That said, it SHOULD work, so if you are having issues linking against libOpenCL.so feel free to share them here and we will take a look. I can't think of a good reason why one should work and the other fail.
Thanks,
All the errors are undefined reference errors at link time, the symbols should be there so offhand not sure why that's happening, but in any case linking against libmali.so is working
In your above output, ldd a.out is reporting /usr/lib/libmali.so on the first line, so thats working as expected.
I put all files from the binary userspace driver in the /usr/lib/ directory and compiled just using: "g++ program.cpp -lOpenCL". This gives the same result as compiling like this: "g++ program.cpp /usr/lib/libOpenCL.so". The output is too long to show here.

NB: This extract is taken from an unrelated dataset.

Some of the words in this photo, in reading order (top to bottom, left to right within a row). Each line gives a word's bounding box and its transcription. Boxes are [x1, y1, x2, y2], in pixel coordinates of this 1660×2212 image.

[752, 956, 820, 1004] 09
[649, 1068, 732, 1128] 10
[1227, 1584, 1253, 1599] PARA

Compiling using "g++ clpeak-arndale-octa.cpp /usr/lib/libmali.so" works just fine: But now that I am further looking into the compilation, I noticed the following:
# ldd a.out /usr/lib/libmali.so (0xb5e03000) libstdc++.so.6 => /usr/lib/arm-linux-gnueabihf/libstdc++.so.6 (0xb5d4a000) libm.so.6 => /lib/arm-linux-gnueabihf/libm.so.6 (0xb5cde000) libgcc_s.so.1 => /lib/arm-linux-gnueabihf/libgcc_s.so.1 (0xb5cbd000) libc.so.6 => /lib/arm-linux-gnueabihf/libc.so.6 (0xb5bd6000) /lib/ld-linux-armhf.so.3 (0xb6f6d000) librt.so.1 => /lib/arm-linux-gnueabihf/librt.so.1 (0xb5bc8000) libpthread.so.0 => /lib/arm-linux-gnueabihf/libpthread.so.0 (0xb5bac000) libdl.so.2 => /lib/arm-linux-gnueabihf/libdl.so.2 (0xb5ba1000)
# ldd a.out
/usr/lib/libmali.so (0xb5e03000)
libstdc++.so.6 => /usr/lib/arm-linux-gnueabihf/libstdc++.so.6 (0xb5d4a000)
libm.so.6 => /lib/arm-linux-gnueabihf/libm.so.6 (0xb5cde000)
libgcc_s.so.1 => /lib/arm-linux-gnueabihf/libgcc_s.so.1 (0xb5cbd000)
libc.so.6 => /lib/arm-linux-gnueabihf/libc.so.6 (0xb5bd6000)
/lib/ld-linux-armhf.so.3 (0xb6f6d000)
librt.so.1 => /lib/arm-linux-gnueabihf/librt.so.1 (0xb5bc8000)
libpthread.so.0 => /lib/arm-linux-gnueabihf/libpthread.so.0 (0xb5bac000)
libdl.so.2 => /lib/arm-linux-gnueabihf/libdl.so.2 (0xb5ba1000)
The resulting binary does not contain any reference to a OpenCL or Mali library. Does this mean that the program runs on the CPU instead of GPU? But then, why does it report the two Mali-T628 devices? I am confused.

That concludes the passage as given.